To me it appears that it is a matter of no importance comparatively whether the Nyāyapravēśa is Dignāga’s or Śaṁkarasvāmin’s as Śaṁkarasvāmin is accepted as the immediate disciple of Dignāga. I agree with the learned professor that the two works are so close to each other as to be almost identical that the one must have taken it from the other. But the real point of difference is whether it is impossible that Aṟavaṇa Aḍigaḷ could have taught the subject without formulating it as in a text-book as Dignāga had done it later. [99] Aṟavaṇa Aḍigaḷ was a mere teacher, and not a codifier and controversialist like Dignāga, whose main purpose was to defend Buddhist logic as against those that may be interested in assailing it.

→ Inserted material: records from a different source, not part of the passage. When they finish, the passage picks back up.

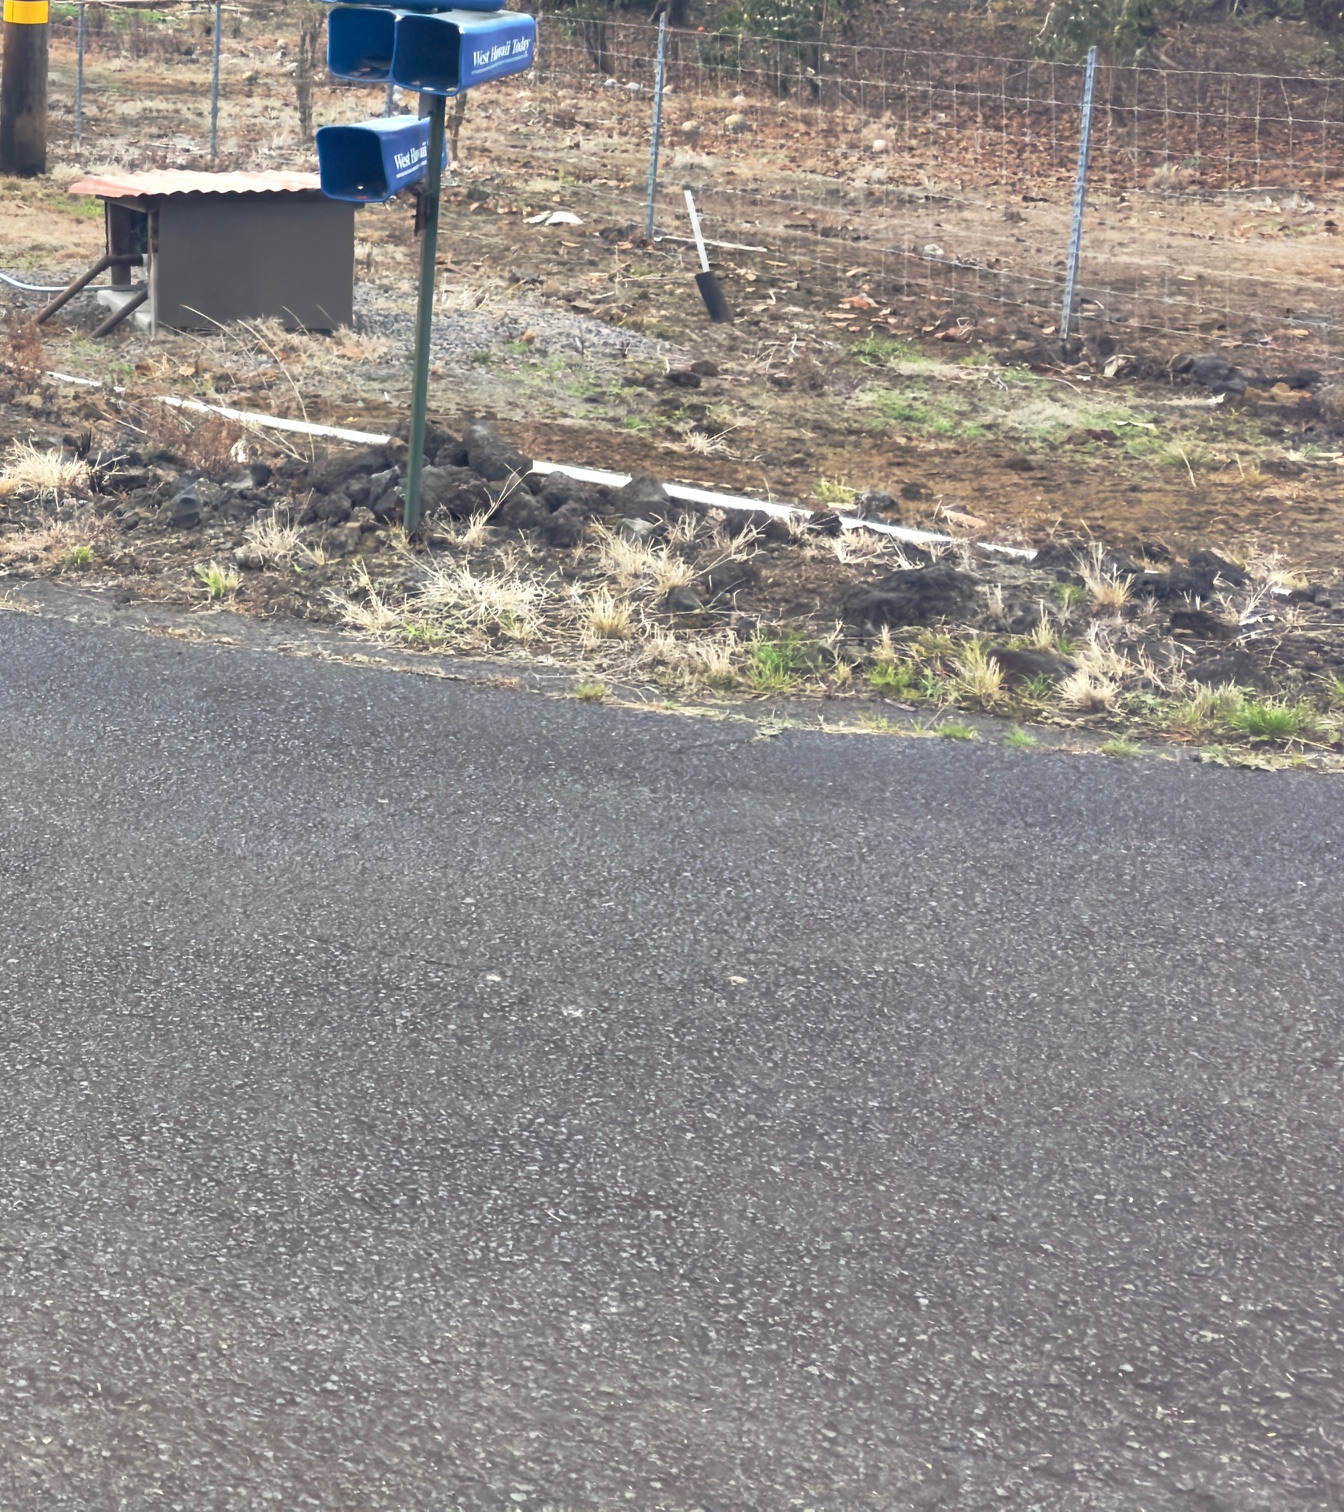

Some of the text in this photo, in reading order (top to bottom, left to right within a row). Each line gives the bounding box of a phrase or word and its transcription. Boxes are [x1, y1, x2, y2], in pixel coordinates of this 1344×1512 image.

[473, 50, 490, 67] West
[512, 36, 531, 55] Today
[394, 151, 410, 170] West
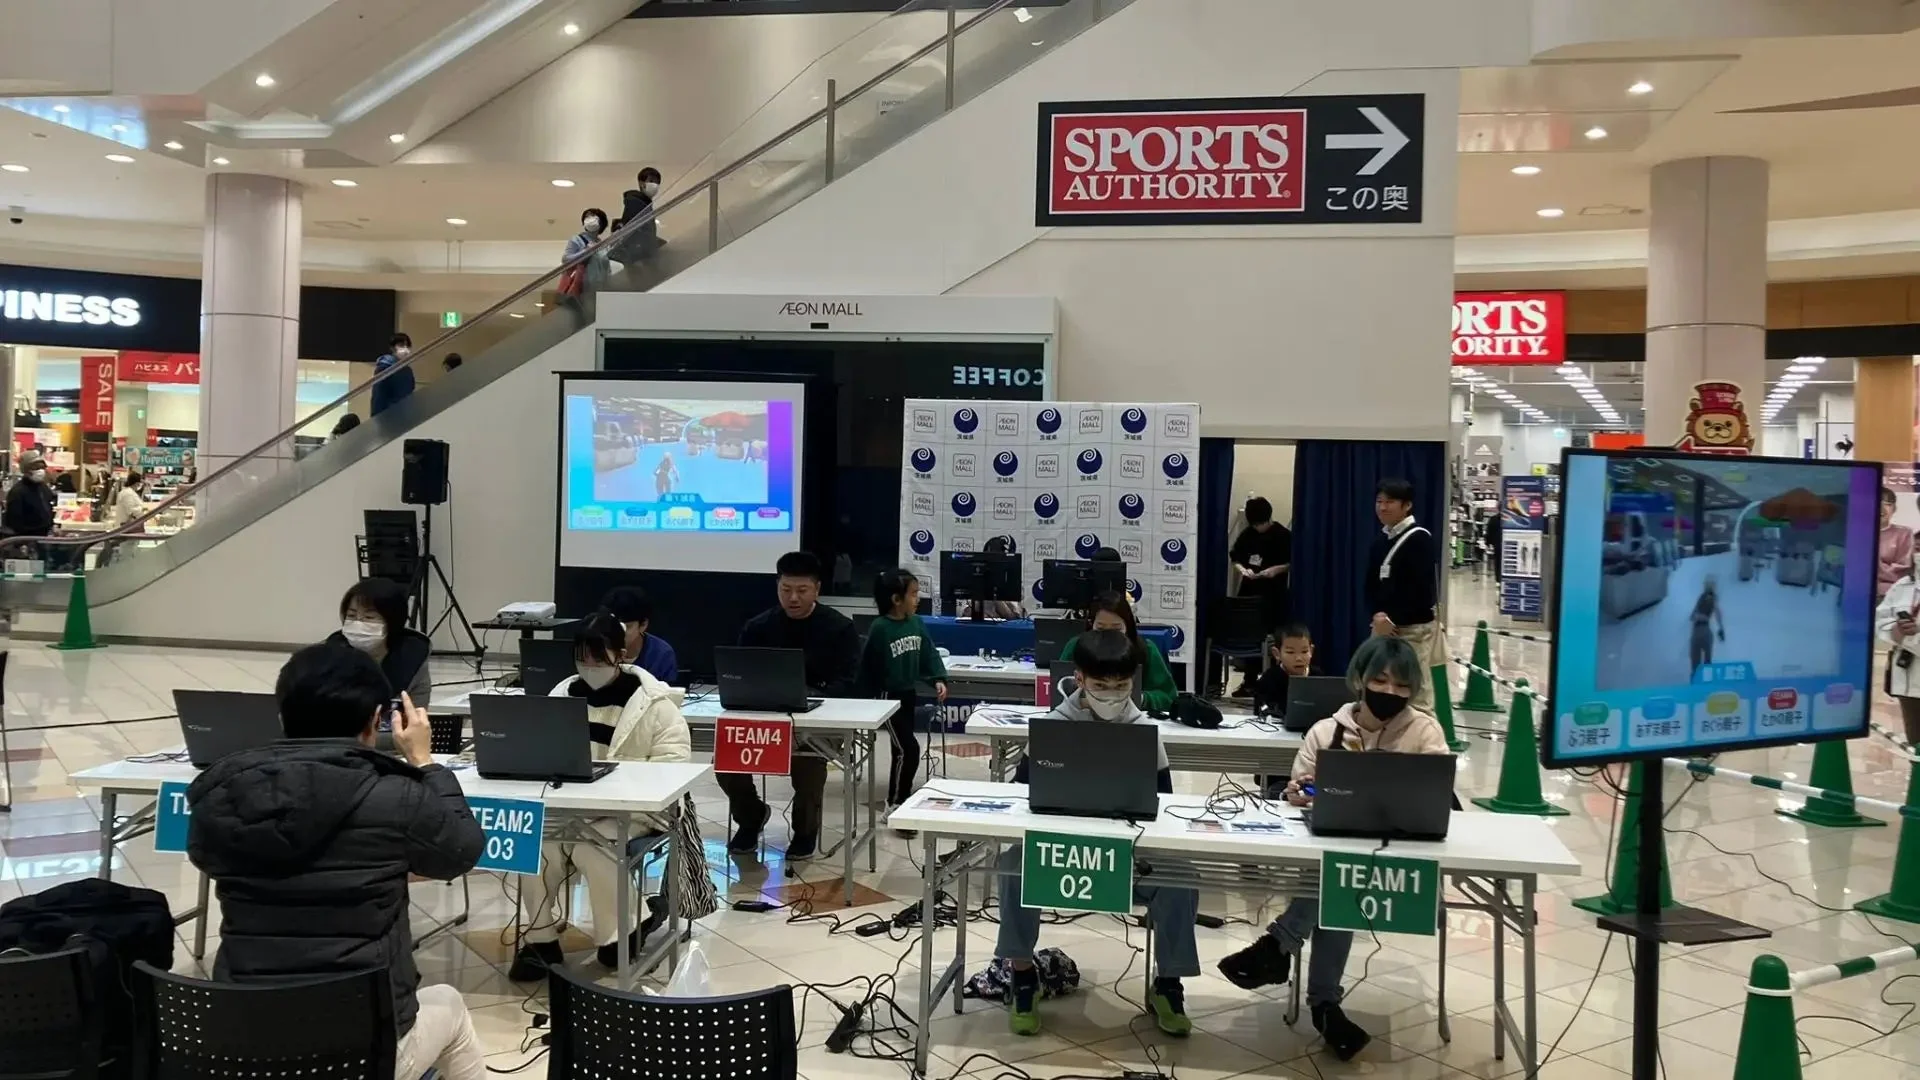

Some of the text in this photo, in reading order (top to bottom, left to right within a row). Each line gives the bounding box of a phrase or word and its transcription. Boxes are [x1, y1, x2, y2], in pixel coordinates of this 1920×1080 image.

[1063, 124, 1290, 174] SPORTS
[1063, 172, 1287, 201] AUTHORITY
[1325, 185, 1409, 212] この奥
[822, 302, 863, 316] MALL
[1452, 335, 1547, 357] ORITY
[96, 362, 113, 426] SALE
[724, 726, 782, 745] TEAM4
[740, 748, 763, 766] 07
[469, 807, 533, 835] TEAM2
[487, 836, 514, 861] 03
[1036, 841, 1116, 872] TEAM1
[1059, 873, 1093, 900] 02
[1335, 862, 1421, 895] TEAM1
[1360, 896, 1393, 921] 01
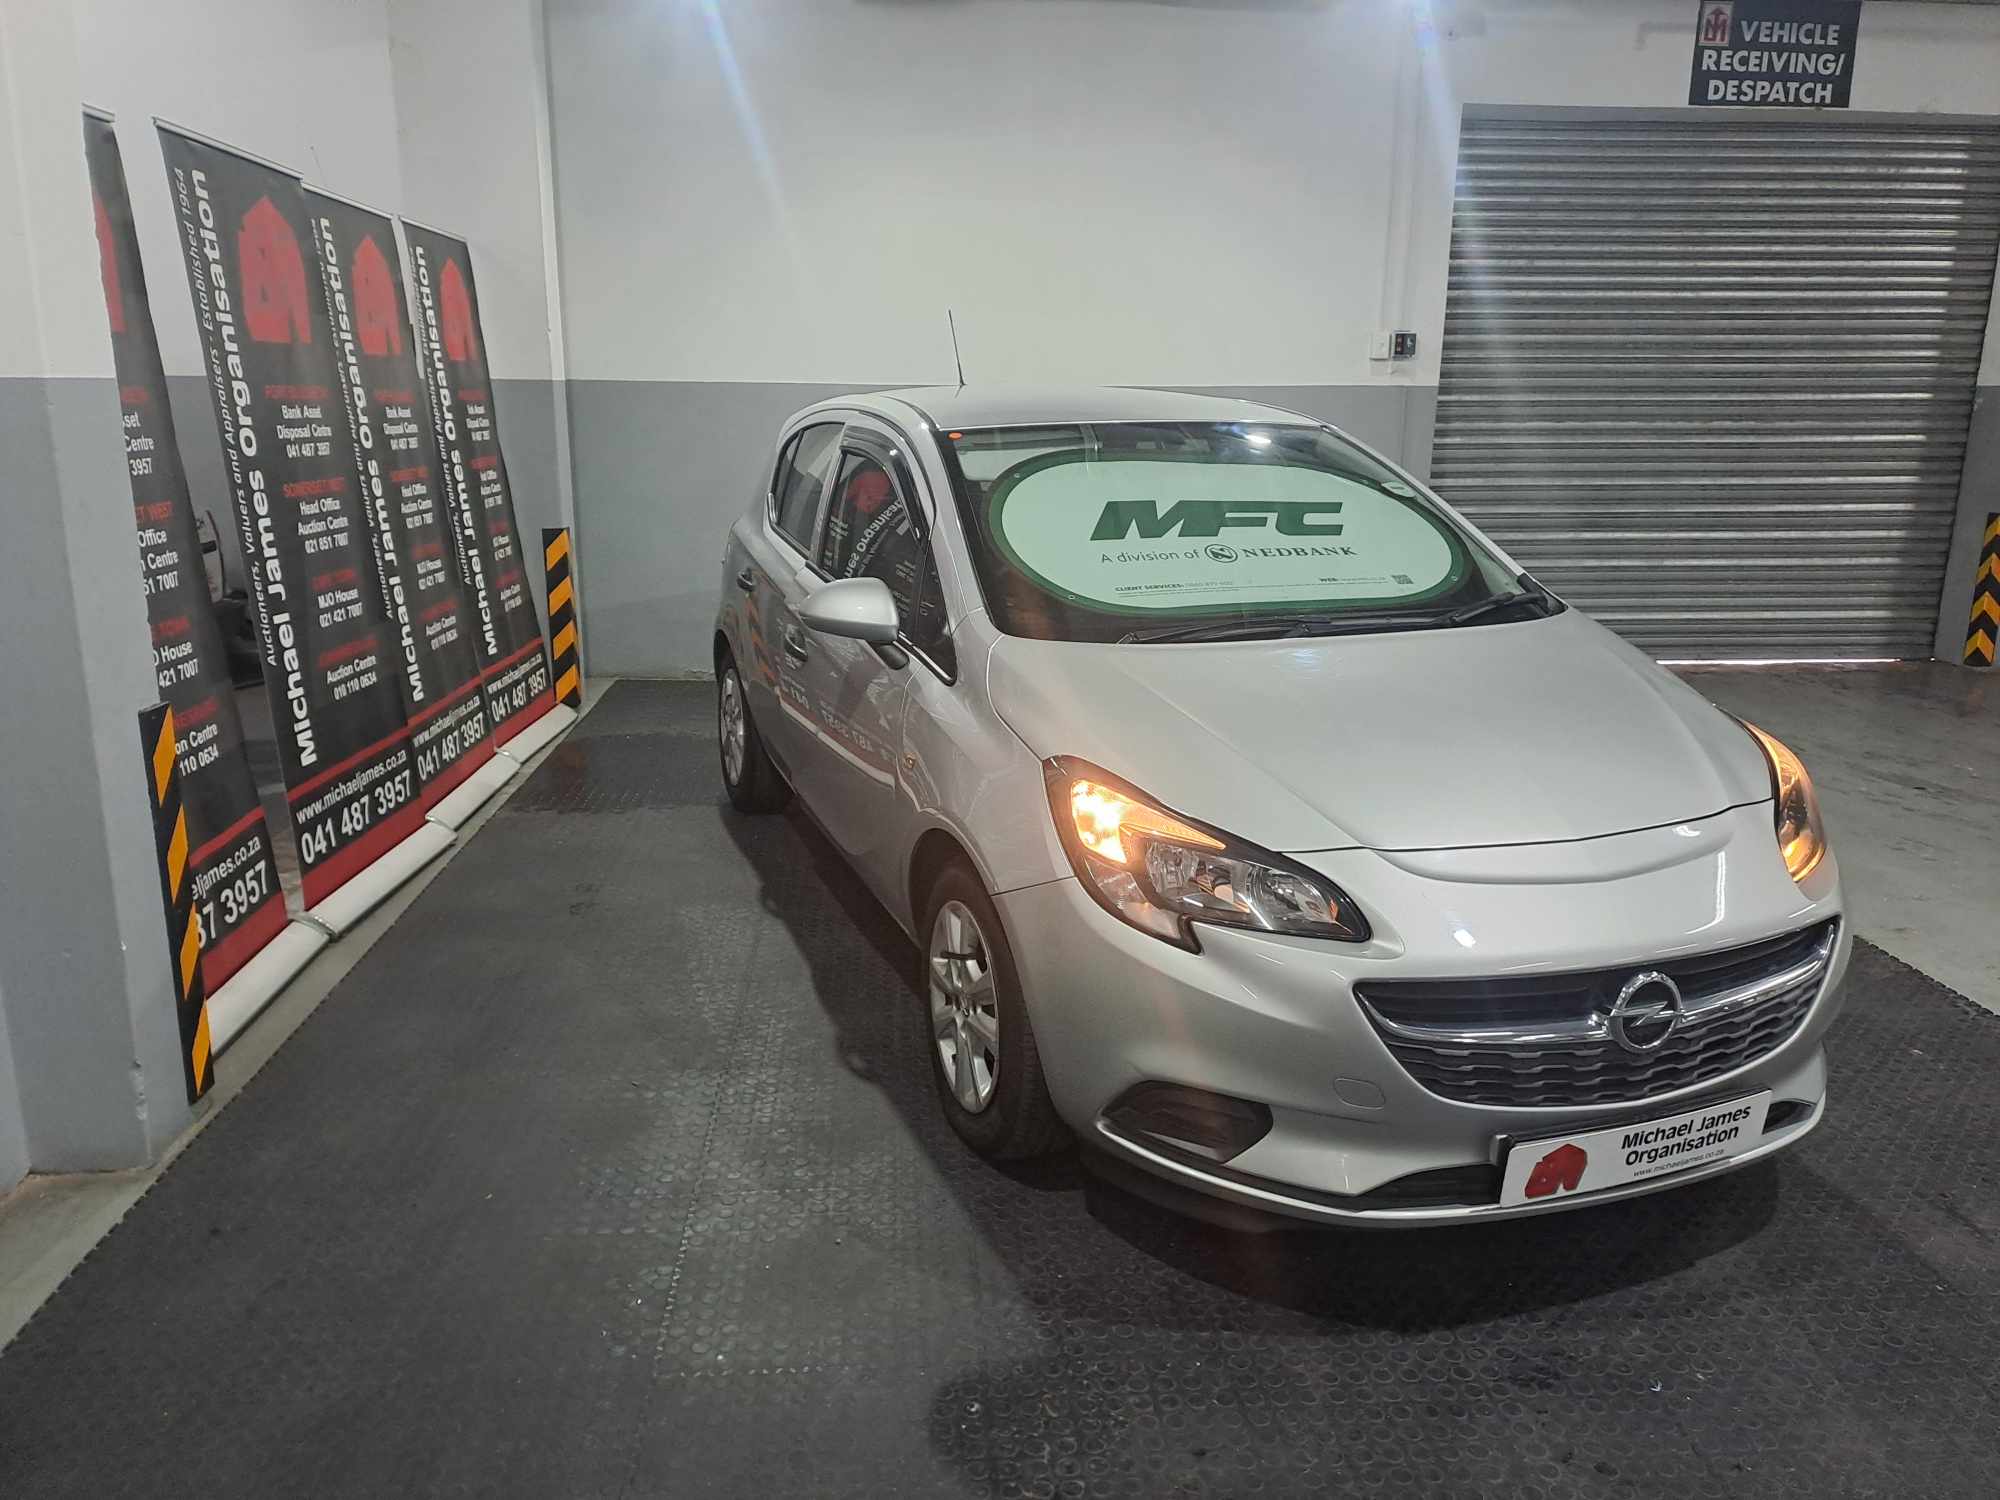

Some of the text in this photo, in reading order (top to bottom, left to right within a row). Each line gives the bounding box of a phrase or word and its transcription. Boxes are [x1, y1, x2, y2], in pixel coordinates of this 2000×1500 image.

It is unnecessary for this position that Dignāga should necessarily have learned it from Aṟavaṇa Aḍigaḷ or somebody else in Kāñcī, or that he should take himself away to Northern India to misappropriate the teaching, as it were, and publish it as his own. From all that we know of teachers that taught in those times they had freedom to make the alterations implied in this process to be able to do it in their own particular localities. The only characteristic feature that ought to be paid attention to in the case of Dignāga is that he went about controverting, and had therefore to give his teaching a definition which a teacher like Aṟavaṇa Aḍigaḷ did not perhaps quite feel called upon to do from the necessities of controversy.

We cannot in our present state of knowledge be so definite about the position of Akṣapāda and Vasubandhu that these teachers originated the teaching in regard to the five Avayavas, or in regard to anything else. It would be very difficult to ascribe the originating of any very particular item of teaching in these departments to particular authors except to the extent of their having committed these items of teaching to writing in works that have become accessible to us. As a rule it may be taken that these teachings were for a considerable length of time in the floating traditions of the schools before they got entry into written texts, and when they actually reached this state they had necessarily to take a more definite form. Therefore it is quite unnecessary to ascribe any moral turpitude to Dignāga in doing what he actually did, giving to the teaching of the schools before him, of which Aṟavaṇa Aḍigaḷ is a mere [100] representative, the current definition in this formulation of the pramāṇas and the Avayavas.

On the basis of the reasons given by the learned professor, the date A.D. 500 may seem quite reasonable. But Vasubandhu’s date is nowadays taken to be somewhat earlier, and cannot go as far as A.D. 400. It is now taken as proved that Vasubandhu was a contemporary of Samudragupta, and Dignāga therefore could not have been very much later. He might have been somewhat younger than Vasubandhu but could not have been so late as to be capable of being brought to A.D. 400. That from our point of view seems a minor one.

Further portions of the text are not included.